I. Pour bien comprendre


A. Épidémiologie
Cette pathologie infectieuse virale concerne par définition les nourrissons âgés de moins de 12
mois ; taux d'hospitalisation de 3,6 % parmi les nourrissons de moins de 12 mois. Les
épidémies automno-hivernales commencent au Nord, puis évoluent vers le Sud. Le VRS est
l'agent infectieux principal (60–70 %). Il a une incubation de 2 à 8 jours et est associé aux
formes les plus graves donc hospitalisées. L'élimination du virus se prolonge sur 3 à 7 jours,
parfois jusqu'à 4 semaines.
D'autres virus peuvent être identifiés, notamment le métapneumovirus (10–12 %), les
rhinovirus (environ 20 %), les virus parainfluenzae, le virus influenzae (grippe), les
coronavirus et les adénovirus. En période de fin de printemps et début d'été, ce sont les
entérovirus qui sont le plus fréquemment rencontrés.
B. Physiopathologie
La contamination est interhumaine, par gouttelettes et de façon manu-portée, favorisée par la
mise en collectivité. La multiplication virale débute dans les cellules des voies aériennes
supérieures (rhinite) et se poursuit dans les cellules épithéliales des bronchioles. La réaction
inflammatoire, entraîne une obstruction des voies aériennes, à la fois endoluminale (bouchon
muqueux) et murale (inflammation pariétale). La réduction de calibre conduit à un sifflement
expiratoire souvent audible et l'atteinte bronchioloalvéolaire à des crépitants. Il existe une
hyperréactivité bronchique inconstante. Il existe une augmentation considérable du travail
respiratoire qui amène à un épuisement des nourrissons les plus jeunes (hypercapnie), des
effets shunt par apparition d'atélectasies ou des troubles des échanges gazeux (hypoxémie). La
deuxième phase est sécrétoire avec l'apparition de râles bronchiques bulleux. La troisième
phase est réparatrice avec une guérison devant être obtenue à 1 mois.
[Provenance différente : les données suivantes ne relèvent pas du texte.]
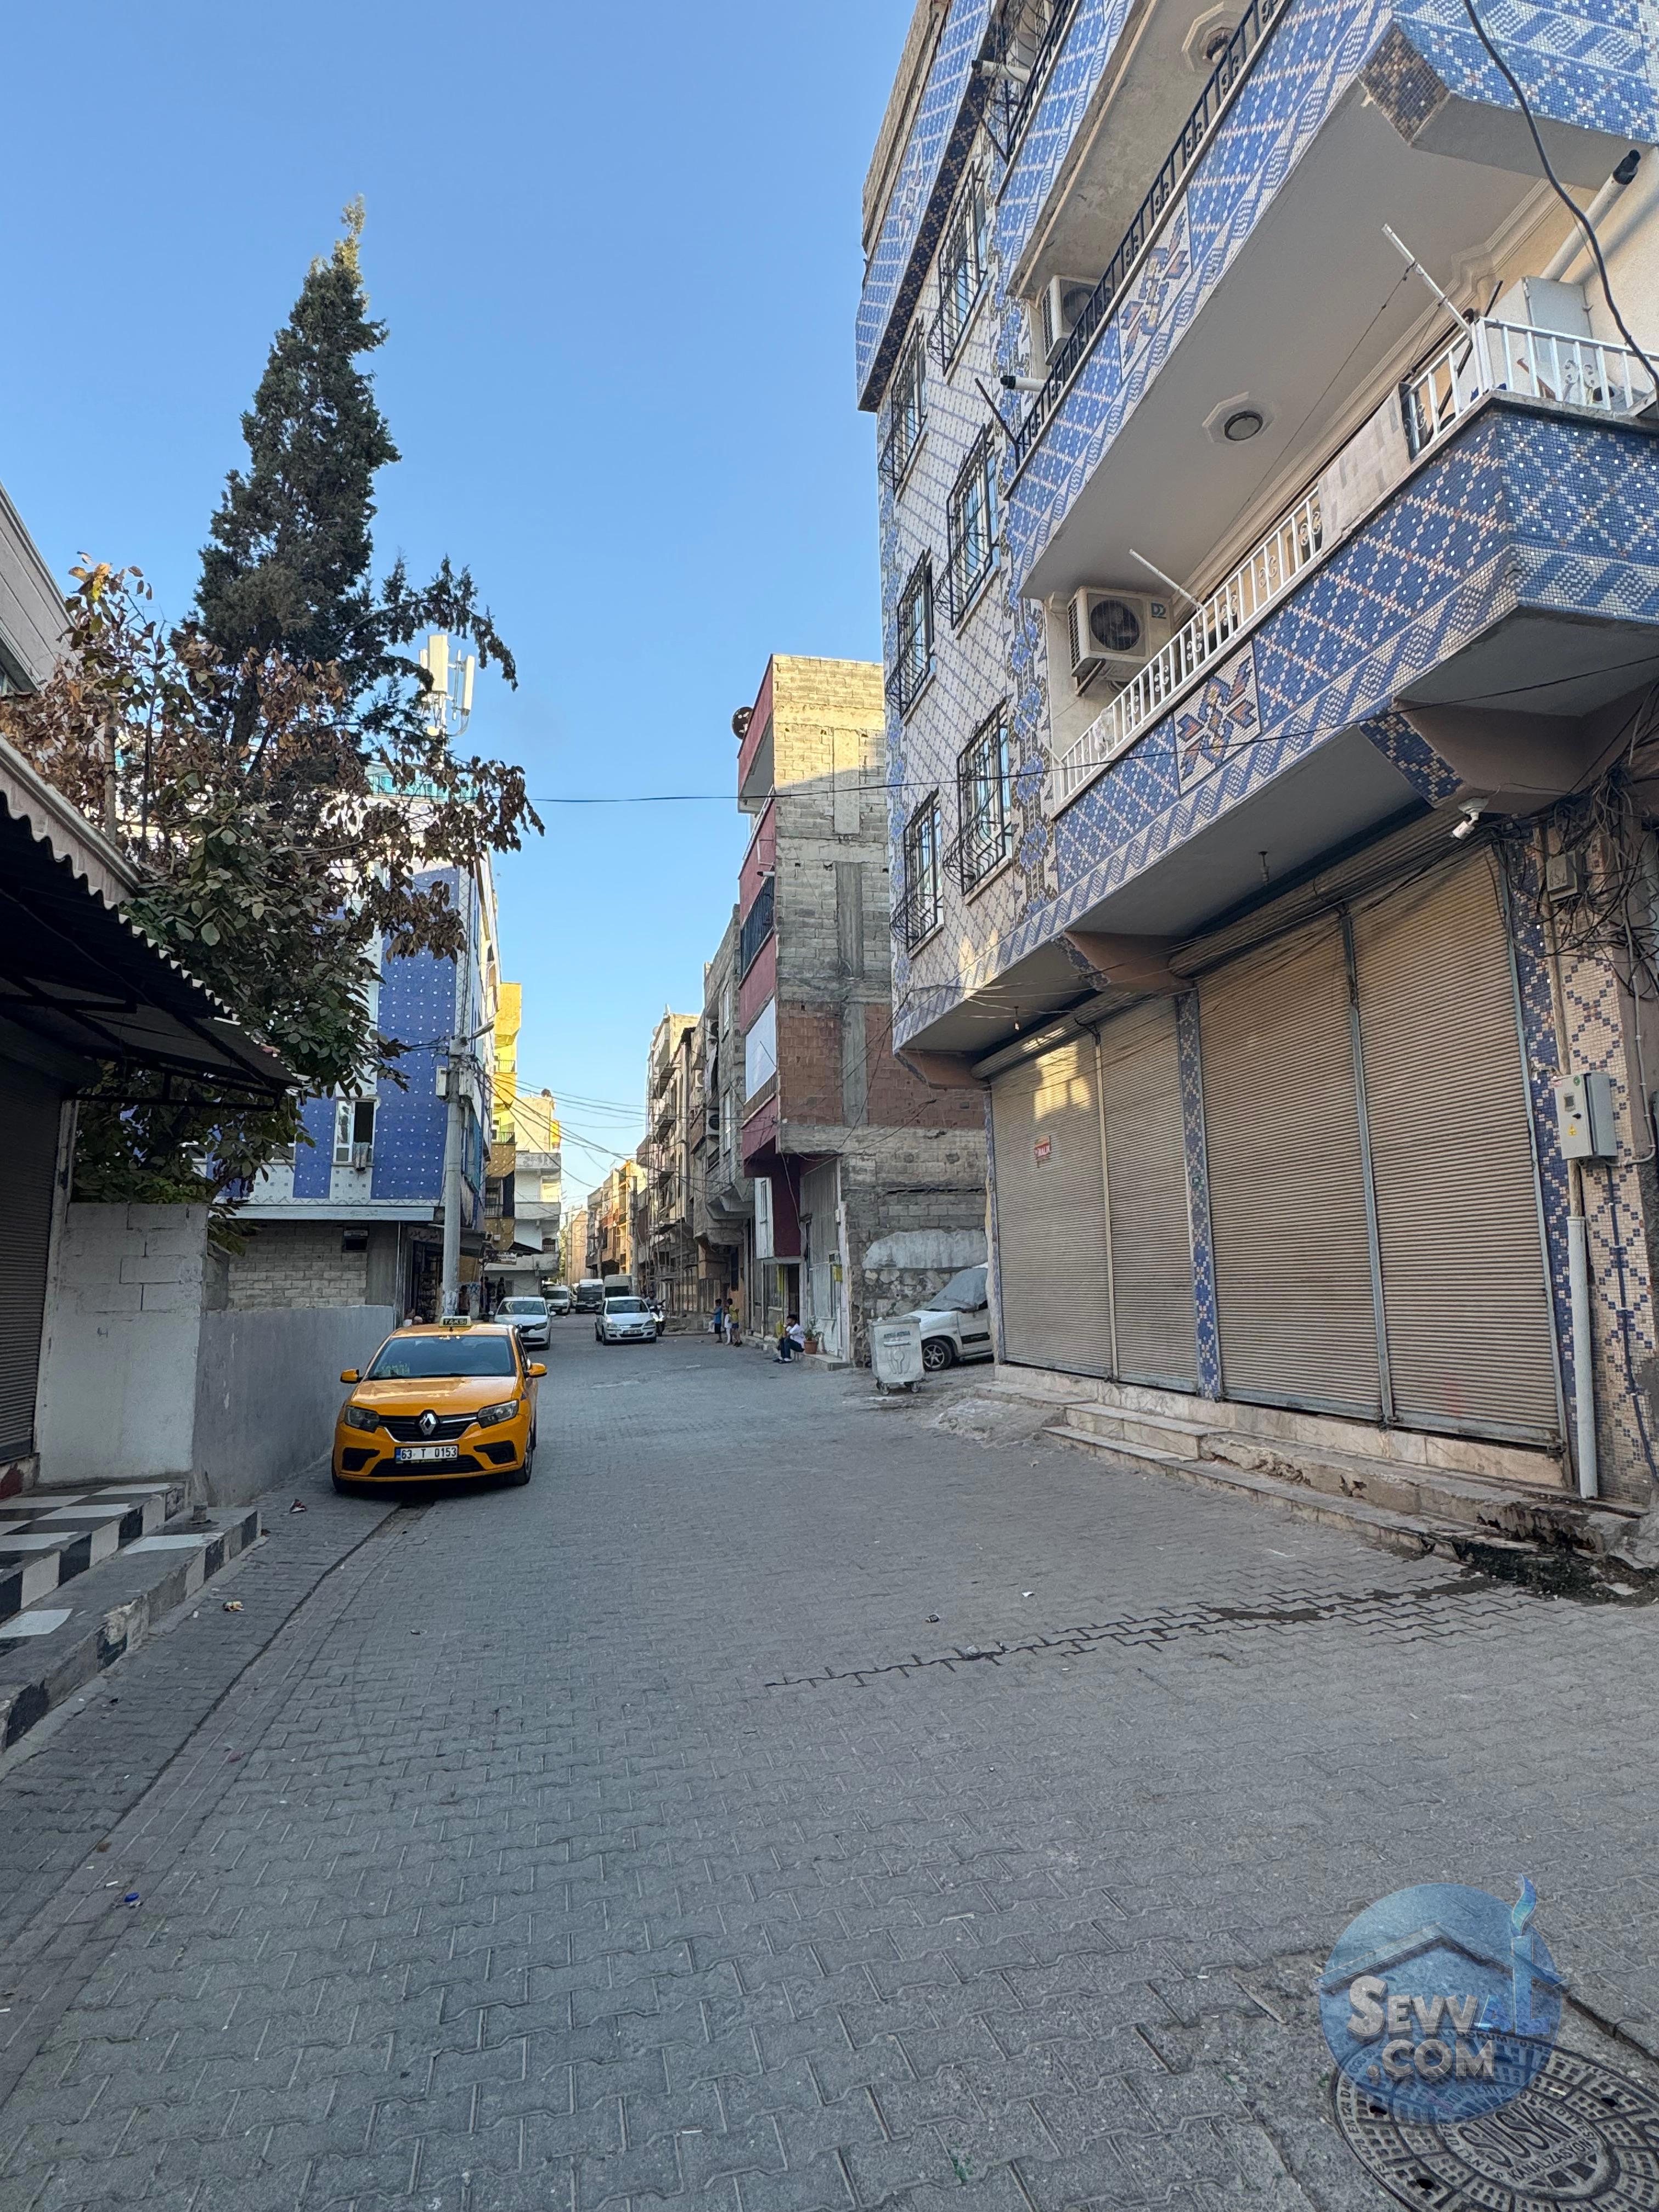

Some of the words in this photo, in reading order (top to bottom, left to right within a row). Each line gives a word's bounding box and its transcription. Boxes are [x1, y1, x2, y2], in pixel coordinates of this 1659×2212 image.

[402, 1449, 413, 1459] 63
[421, 1448, 426, 1458] T
[435, 1447, 456, 1458] 0153
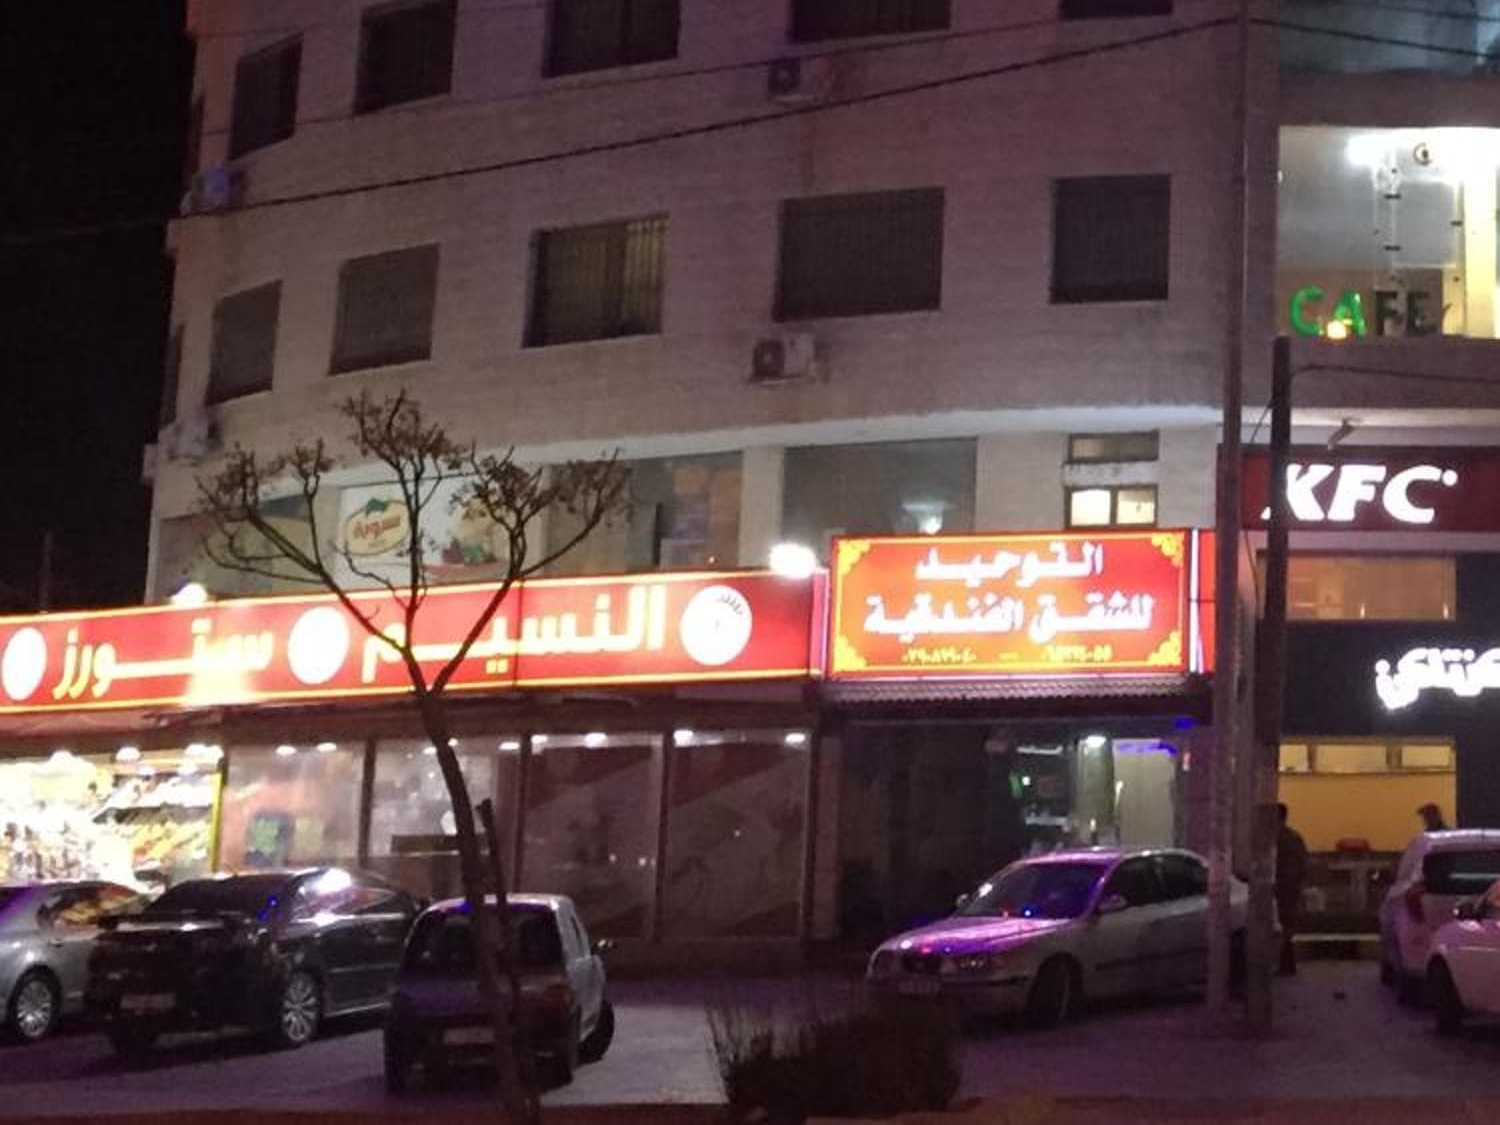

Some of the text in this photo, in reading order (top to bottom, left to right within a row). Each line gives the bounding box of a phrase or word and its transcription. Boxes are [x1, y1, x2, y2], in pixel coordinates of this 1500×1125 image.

[1289, 284, 1438, 338] CAFE
[1261, 464, 1443, 524] KFC
[915, 541, 1103, 588] التوحيد
[53, 584, 666, 700] النسيم ستورز
[864, 590, 1154, 644] للشقق الفندقية
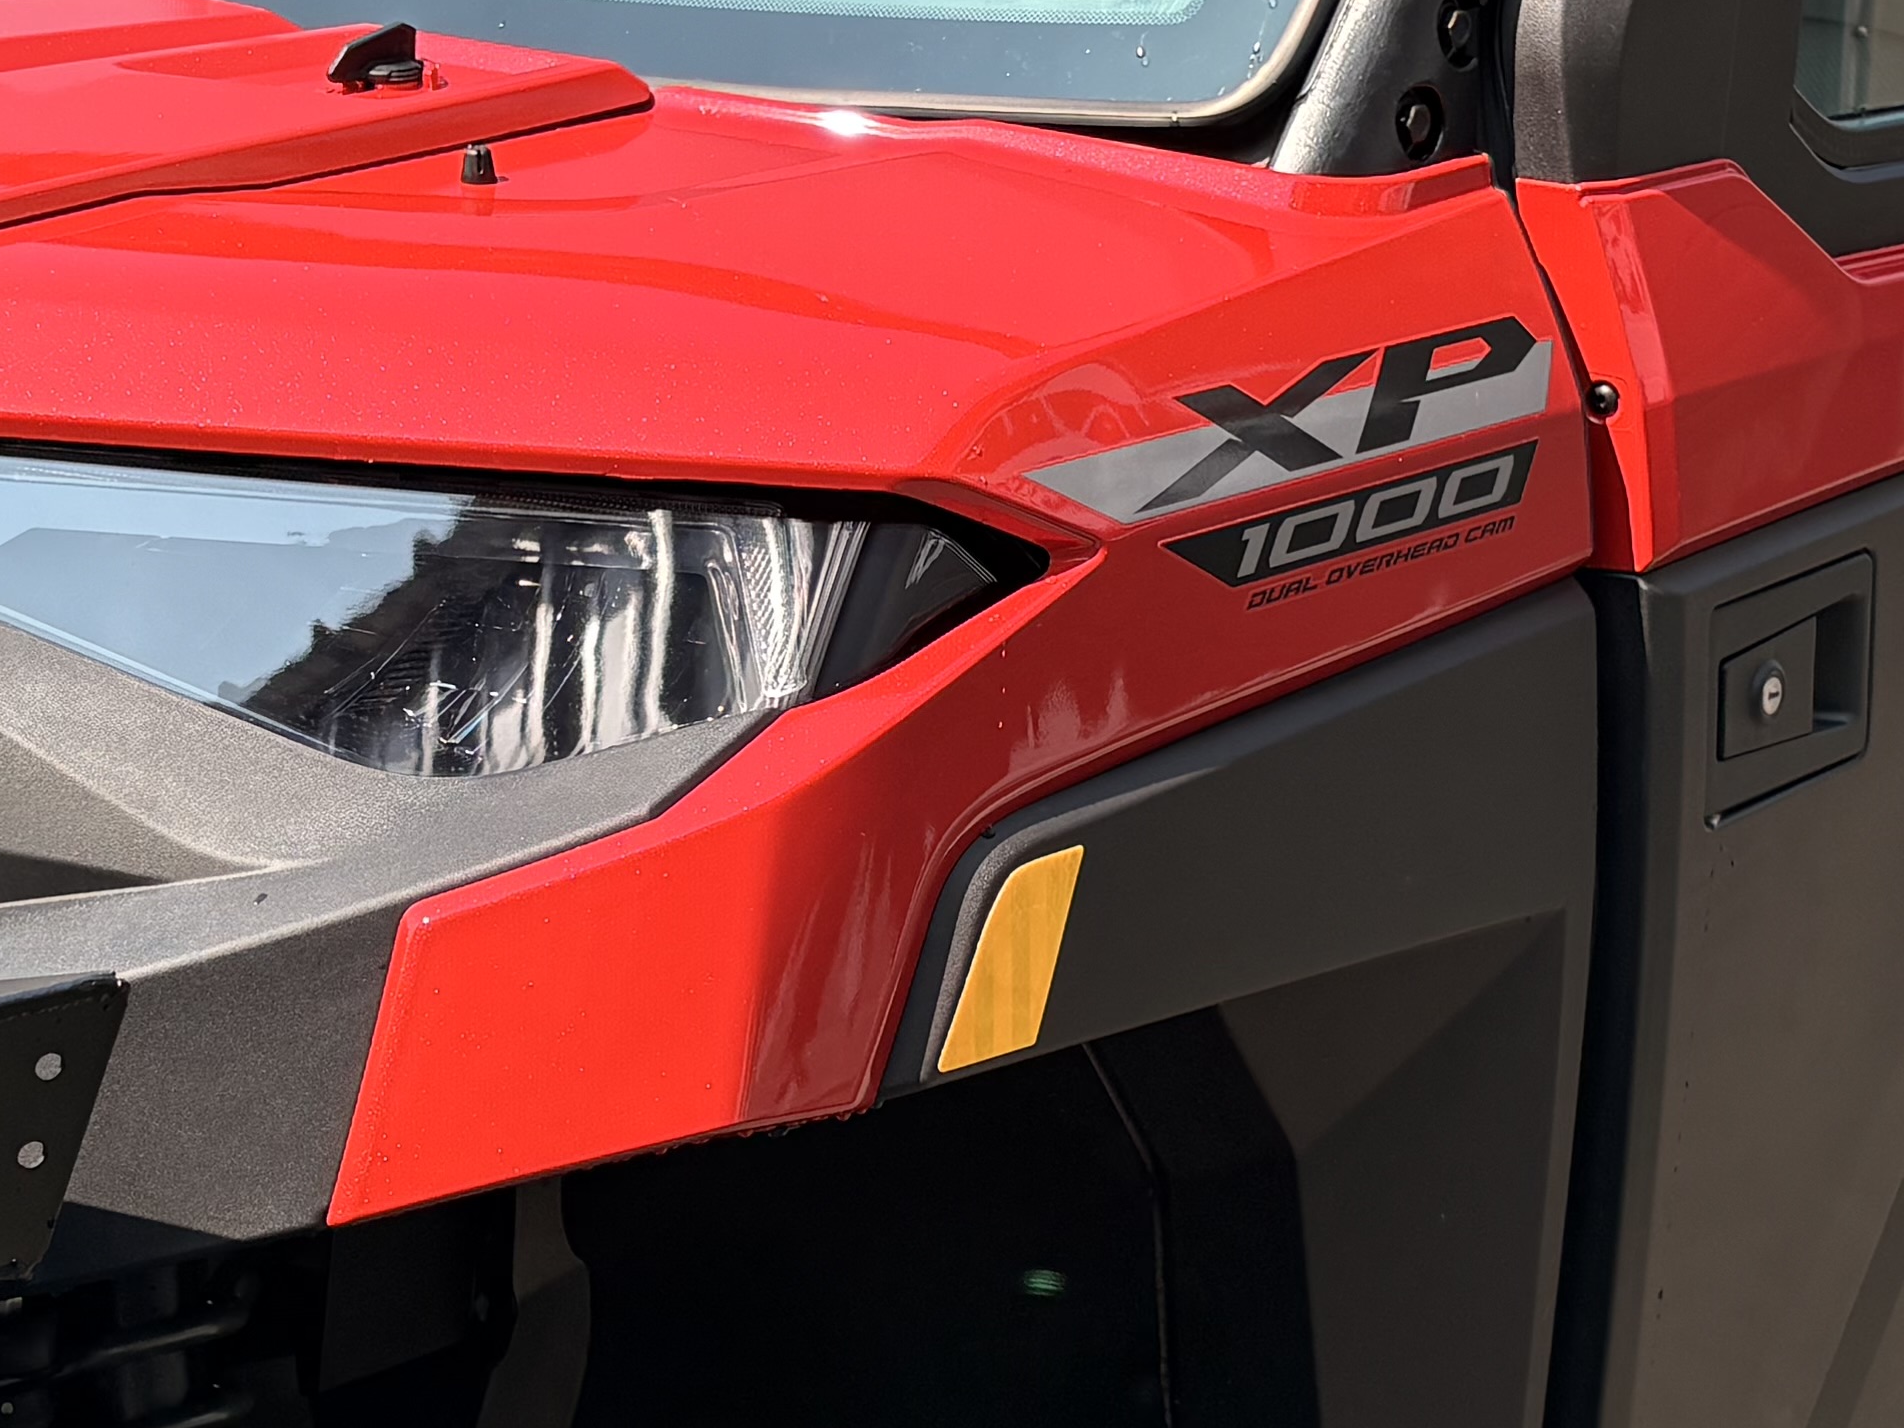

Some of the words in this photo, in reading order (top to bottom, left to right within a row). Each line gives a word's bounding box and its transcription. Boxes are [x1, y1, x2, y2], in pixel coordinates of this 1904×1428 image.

[1134, 315, 1537, 513] XP
[1236, 453, 1516, 579] 1000
[1246, 576, 1318, 611] DUAL
[1324, 532, 1461, 587] OVERHEAD
[1463, 515, 1516, 544] CAM
Infection virale (VRS surtout), épidémique et saisonnière, contagieuse.
II. Diagnostiquer une bronchiolite
A. Diagnostic clinique
1. Identifier une bronchiolite aiguë
• premier épisode aigu de gêne respiratoire chez un nourrisson de moins de 12 mois, à toute
période de l'année;
• se déroulant selon la séquence : rhinite suivie de signes respiratoires : toux, sibilants et/ou
crépitants, accompagnés ou non d'une polypnée et/ou de signes de lutte respiratoire (mise en
jeu des muscles accessoires intercostaux inférieurs,
sternocléidomastoïdiens, asynchronisme thoraco-abdominal, battement des ailes du
nez);
• fièvre inconstante et ne faisant pas partie de la définition.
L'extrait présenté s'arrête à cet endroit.